• **Goal of the exercise**: Give back all the entries below. Omit none of them.

[Saved data entries]
◆ ◆ ◆ ◆

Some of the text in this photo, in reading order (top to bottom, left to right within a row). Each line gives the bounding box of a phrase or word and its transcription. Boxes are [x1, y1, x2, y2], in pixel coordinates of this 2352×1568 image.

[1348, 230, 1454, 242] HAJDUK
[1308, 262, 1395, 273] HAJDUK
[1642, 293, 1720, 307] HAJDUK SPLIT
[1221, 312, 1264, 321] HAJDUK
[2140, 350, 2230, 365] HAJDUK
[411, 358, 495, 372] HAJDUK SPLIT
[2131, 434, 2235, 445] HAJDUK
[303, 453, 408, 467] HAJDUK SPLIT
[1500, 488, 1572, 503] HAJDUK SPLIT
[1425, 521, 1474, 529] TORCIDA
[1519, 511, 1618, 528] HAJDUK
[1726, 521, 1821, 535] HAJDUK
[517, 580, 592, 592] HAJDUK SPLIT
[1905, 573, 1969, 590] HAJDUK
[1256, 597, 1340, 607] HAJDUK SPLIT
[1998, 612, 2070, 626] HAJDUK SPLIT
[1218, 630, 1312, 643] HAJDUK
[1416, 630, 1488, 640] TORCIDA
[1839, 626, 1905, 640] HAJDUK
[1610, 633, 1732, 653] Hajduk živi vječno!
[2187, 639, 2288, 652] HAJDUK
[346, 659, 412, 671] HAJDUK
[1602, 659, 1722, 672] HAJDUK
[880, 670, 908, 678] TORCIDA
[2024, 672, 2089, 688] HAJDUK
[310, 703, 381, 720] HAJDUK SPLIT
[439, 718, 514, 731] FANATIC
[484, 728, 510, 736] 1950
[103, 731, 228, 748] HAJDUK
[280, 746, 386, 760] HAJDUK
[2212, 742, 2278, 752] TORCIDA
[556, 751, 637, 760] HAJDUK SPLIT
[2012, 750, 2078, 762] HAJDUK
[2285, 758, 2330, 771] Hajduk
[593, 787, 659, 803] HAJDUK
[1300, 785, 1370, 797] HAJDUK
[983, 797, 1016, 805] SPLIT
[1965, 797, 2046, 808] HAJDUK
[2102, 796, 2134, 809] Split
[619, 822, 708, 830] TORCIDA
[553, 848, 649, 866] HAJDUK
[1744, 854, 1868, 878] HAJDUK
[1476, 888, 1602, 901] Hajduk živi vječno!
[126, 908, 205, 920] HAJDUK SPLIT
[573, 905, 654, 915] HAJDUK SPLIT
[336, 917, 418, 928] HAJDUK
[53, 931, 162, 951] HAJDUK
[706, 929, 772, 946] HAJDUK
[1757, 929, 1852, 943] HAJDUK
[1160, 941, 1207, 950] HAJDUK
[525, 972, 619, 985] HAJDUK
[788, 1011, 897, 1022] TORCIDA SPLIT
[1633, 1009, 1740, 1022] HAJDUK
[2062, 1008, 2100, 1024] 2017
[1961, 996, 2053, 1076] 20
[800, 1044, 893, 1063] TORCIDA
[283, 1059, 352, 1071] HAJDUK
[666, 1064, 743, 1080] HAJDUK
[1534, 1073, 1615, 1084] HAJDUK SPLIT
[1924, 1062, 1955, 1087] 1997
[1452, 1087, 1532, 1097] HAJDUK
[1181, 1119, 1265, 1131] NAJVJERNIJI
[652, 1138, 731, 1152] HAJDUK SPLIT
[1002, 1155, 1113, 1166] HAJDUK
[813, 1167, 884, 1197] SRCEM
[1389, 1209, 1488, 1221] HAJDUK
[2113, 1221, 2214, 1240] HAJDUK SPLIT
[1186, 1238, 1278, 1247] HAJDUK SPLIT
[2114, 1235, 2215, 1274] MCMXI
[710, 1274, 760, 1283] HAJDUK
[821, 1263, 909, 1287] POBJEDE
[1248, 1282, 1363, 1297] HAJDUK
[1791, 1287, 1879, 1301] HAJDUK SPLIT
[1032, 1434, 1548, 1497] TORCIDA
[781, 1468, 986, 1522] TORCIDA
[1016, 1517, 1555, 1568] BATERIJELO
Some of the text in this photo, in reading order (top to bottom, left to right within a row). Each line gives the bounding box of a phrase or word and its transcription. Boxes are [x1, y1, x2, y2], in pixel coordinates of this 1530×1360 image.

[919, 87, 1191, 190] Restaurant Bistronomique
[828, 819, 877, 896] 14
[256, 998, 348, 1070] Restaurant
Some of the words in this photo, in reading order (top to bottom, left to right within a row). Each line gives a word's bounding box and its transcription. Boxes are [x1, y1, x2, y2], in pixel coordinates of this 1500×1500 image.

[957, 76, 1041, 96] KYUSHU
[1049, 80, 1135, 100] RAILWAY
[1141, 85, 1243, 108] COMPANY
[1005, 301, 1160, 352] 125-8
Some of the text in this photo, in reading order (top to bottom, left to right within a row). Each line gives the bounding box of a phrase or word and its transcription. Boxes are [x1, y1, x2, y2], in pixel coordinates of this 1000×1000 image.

◆ ◆ ◆ ◆

• **Result of this task**:
Some of the text in this photo, in reading order (top to bottom, left to right within a row). Each line gives the bounding box of a phrase or word and its transcription. Boxes are [x1, y1, x2, y2], in pixel coordinates of this 2352×1568 image.

[1348, 230, 1454, 242] HAJDUK
[1308, 262, 1395, 273] HAJDUK
[1642, 293, 1720, 307] HAJDUK SPLIT
[1221, 312, 1264, 321] HAJDUK
[2140, 350, 2230, 365] HAJDUK
[411, 358, 495, 372] HAJDUK SPLIT
[2131, 434, 2235, 445] HAJDUK
[303, 453, 408, 467] HAJDUK SPLIT
[1500, 488, 1572, 503] HAJDUK SPLIT
[1425, 521, 1474, 529] TORCIDA
[1519, 511, 1618, 528] HAJDUK
[1726, 521, 1821, 535] HAJDUK
[517, 580, 592, 592] HAJDUK SPLIT
[1905, 573, 1969, 590] HAJDUK
[1256, 597, 1340, 607] HAJDUK SPLIT
[1998, 612, 2070, 626] HAJDUK SPLIT
[1218, 630, 1312, 643] HAJDUK
[1416, 630, 1488, 640] TORCIDA
[1839, 626, 1905, 640] HAJDUK
[1610, 633, 1732, 653] Hajduk živi vječno!
[2187, 639, 2288, 652] HAJDUK
[346, 659, 412, 671] HAJDUK
[1602, 659, 1722, 672] HAJDUK
[880, 670, 908, 678] TORCIDA
[2024, 672, 2089, 688] HAJDUK
[310, 703, 381, 720] HAJDUK SPLIT
[439, 718, 514, 731] FANATIC
[484, 728, 510, 736] 1950
[103, 731, 228, 748] HAJDUK
[280, 746, 386, 760] HAJDUK
[2212, 742, 2278, 752] TORCIDA
[556, 751, 637, 760] HAJDUK SPLIT
[2012, 750, 2078, 762] HAJDUK
[2285, 758, 2330, 771] Hajduk
[593, 787, 659, 803] HAJDUK
[1300, 785, 1370, 797] HAJDUK
[983, 797, 1016, 805] SPLIT
[1965, 797, 2046, 808] HAJDUK
[2102, 796, 2134, 809] Split
[619, 822, 708, 830] TORCIDA
[553, 848, 649, 866] HAJDUK
[1744, 854, 1868, 878] HAJDUK
[1476, 888, 1602, 901] Hajduk živi vječno!
[126, 908, 205, 920] HAJDUK SPLIT
[573, 905, 654, 915] HAJDUK SPLIT
[336, 917, 418, 928] HAJDUK
[53, 931, 162, 951] HAJDUK
[706, 929, 772, 946] HAJDUK
[1757, 929, 1852, 943] HAJDUK
[1160, 941, 1207, 950] HAJDUK
[525, 972, 619, 985] HAJDUK
[788, 1011, 897, 1022] TORCIDA SPLIT
[1633, 1009, 1740, 1022] HAJDUK
[2062, 1008, 2100, 1024] 2017
[1961, 996, 2053, 1076] 20
[800, 1044, 893, 1063] TORCIDA
[283, 1059, 352, 1071] HAJDUK
[666, 1064, 743, 1080] HAJDUK
[1534, 1073, 1615, 1084] HAJDUK SPLIT
[1924, 1062, 1955, 1087] 1997
[1452, 1087, 1532, 1097] HAJDUK
[1181, 1119, 1265, 1131] NAJVJERNIJI
[652, 1138, 731, 1152] HAJDUK SPLIT
[1002, 1155, 1113, 1166] HAJDUK
[813, 1167, 884, 1197] SRCEM
[1389, 1209, 1488, 1221] HAJDUK
[2113, 1221, 2214, 1240] HAJDUK SPLIT
[1186, 1238, 1278, 1247] HAJDUK SPLIT
[2114, 1235, 2215, 1274] MCMXI
[710, 1274, 760, 1283] HAJDUK
[821, 1263, 909, 1287] POBJEDE
[1248, 1282, 1363, 1297] HAJDUK
[1791, 1287, 1879, 1301] HAJDUK SPLIT
[1032, 1434, 1548, 1497] TORCIDA
[781, 1468, 986, 1522] TORCIDA
[1016, 1517, 1555, 1568] BATERIJELO
Some of the text in this photo, in reading order (top to bottom, left to right within a row). Each line gives the bounding box of a phrase or word and its transcription. Boxes are [x1, y1, x2, y2], in pixel coordinates of this 1530×1360 image.

[919, 87, 1191, 190] Restaurant Bistronomique
[828, 819, 877, 896] 14
[256, 998, 348, 1070] Restaurant
Some of the words in this photo, in reading order (top to bottom, left to right within a row). Each line gives a word's bounding box and its transcription. Boxes are [x1, y1, x2, y2], in pixel coordinates of this 1500×1500 image.

[957, 76, 1041, 96] KYUSHU
[1049, 80, 1135, 100] RAILWAY
[1141, 85, 1243, 108] COMPANY
[1005, 301, 1160, 352] 125-8
Some of the text in this photo, in reading order (top to bottom, left to right within a row). Each line gives the bounding box of a phrase or word and its transcription. Boxes are [x1, y1, x2, y2], in pixel coordinates of this 1000×1000 image.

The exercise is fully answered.